[Source material Boundary: Start]
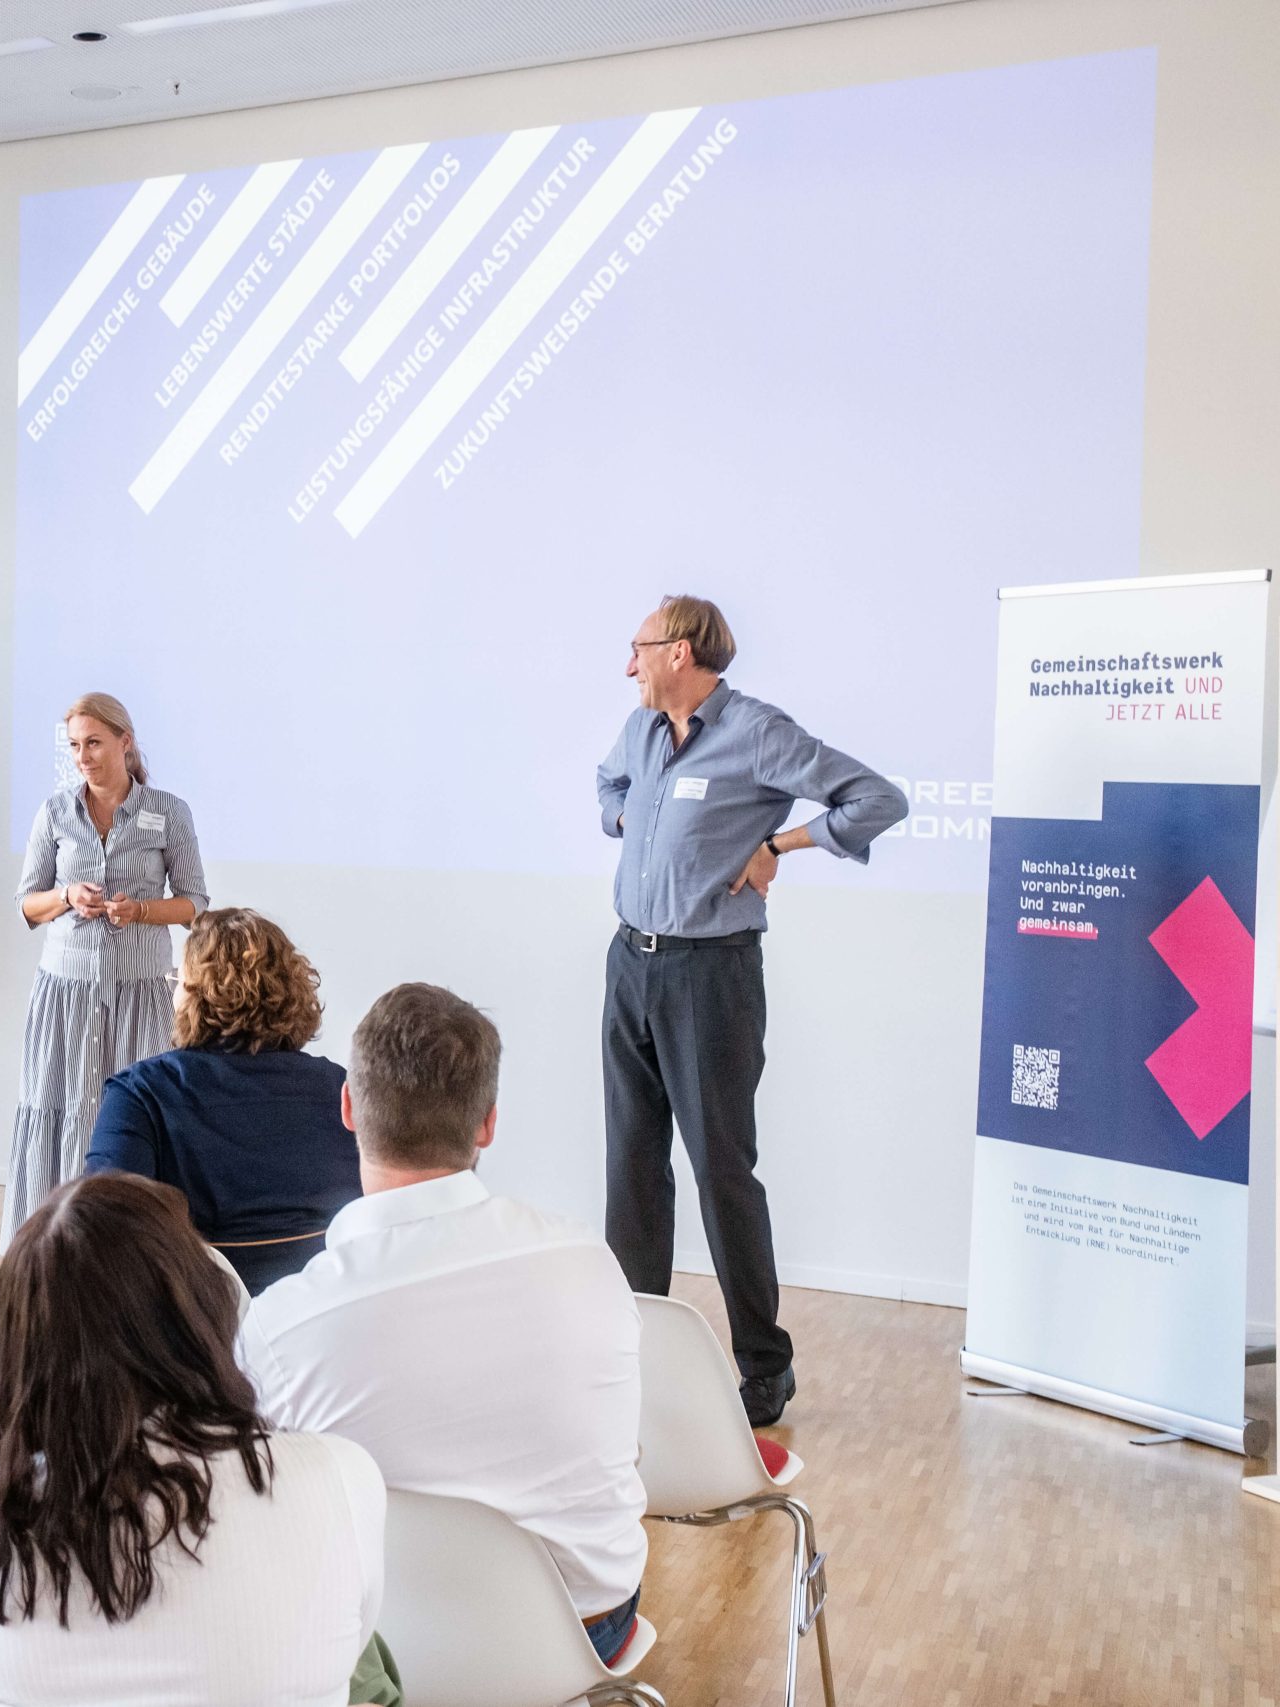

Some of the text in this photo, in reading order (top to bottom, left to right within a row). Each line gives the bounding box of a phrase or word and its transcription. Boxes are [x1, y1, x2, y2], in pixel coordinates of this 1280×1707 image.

[154, 168, 336, 408] LEBENSWERTE STÄDTE
[433, 118, 739, 491] ZUKUNFTSWEISENDE BERATUNG
[26, 183, 216, 442] ERFOLGREICHE GEBÄUDE
[219, 153, 461, 466] RENDITESTARKE PORTFOLIOS
[287, 136, 596, 524] LEISTUNGSFÄHIGE INFRASTRUKTUR
[1030, 652, 1223, 673] Gemeinschaftswerk
[1029, 677, 1223, 699] Nachhaltigkeit UND
[1105, 703, 1222, 720] JETZT ALLE
[1021, 860, 1137, 880] Nachhaltigkeit
[1020, 896, 1086, 913] Und zwar
[1021, 880, 1125, 899] voranbringen.
[1019, 916, 1099, 934] gemeinsam.
[1011, 1195, 1201, 1241] ist eine Initiative von Bund und Ländern
[1013, 1182, 1198, 1226] Das Gemeinschaftswerk Nachhaltigkeit
[1024, 1212, 1190, 1254] und wird vom Rat für Nachhaltige
[1026, 1225, 1081, 1246] Entwicklung
[1086, 1239, 1110, 1252] (RNE)
[Source material Boundary: End]
Exact copy, no pictures: set down all the entries again as they stand.

— Result —
Some of the text in this photo, in reading order (top to bottom, left to right within a row). Each line gives the bounding box of a phrase or word and its transcription. Boxes are [x1, y1, x2, y2], in pixel coordinates of this 1280×1707 image.

[154, 168, 336, 408] LEBENSWERTE STÄDTE
[433, 118, 739, 491] ZUKUNFTSWEISENDE BERATUNG
[26, 183, 216, 442] ERFOLGREICHE GEBÄUDE
[219, 153, 461, 466] RENDITESTARKE PORTFOLIOS
[287, 136, 596, 524] LEISTUNGSFÄHIGE INFRASTRUKTUR
[1030, 652, 1223, 673] Gemeinschaftswerk
[1029, 677, 1223, 699] Nachhaltigkeit UND
[1105, 703, 1222, 720] JETZT ALLE
[1021, 860, 1137, 880] Nachhaltigkeit
[1020, 896, 1086, 913] Und zwar
[1021, 880, 1125, 899] voranbringen.
[1019, 916, 1099, 934] gemeinsam.
[1011, 1195, 1201, 1241] ist eine Initiative von Bund und Ländern
[1013, 1182, 1198, 1226] Das Gemeinschaftswerk Nachhaltigkeit
[1024, 1212, 1190, 1254] und wird vom Rat für Nachhaltige
[1026, 1225, 1081, 1246] Entwicklung
[1086, 1239, 1110, 1252] (RNE)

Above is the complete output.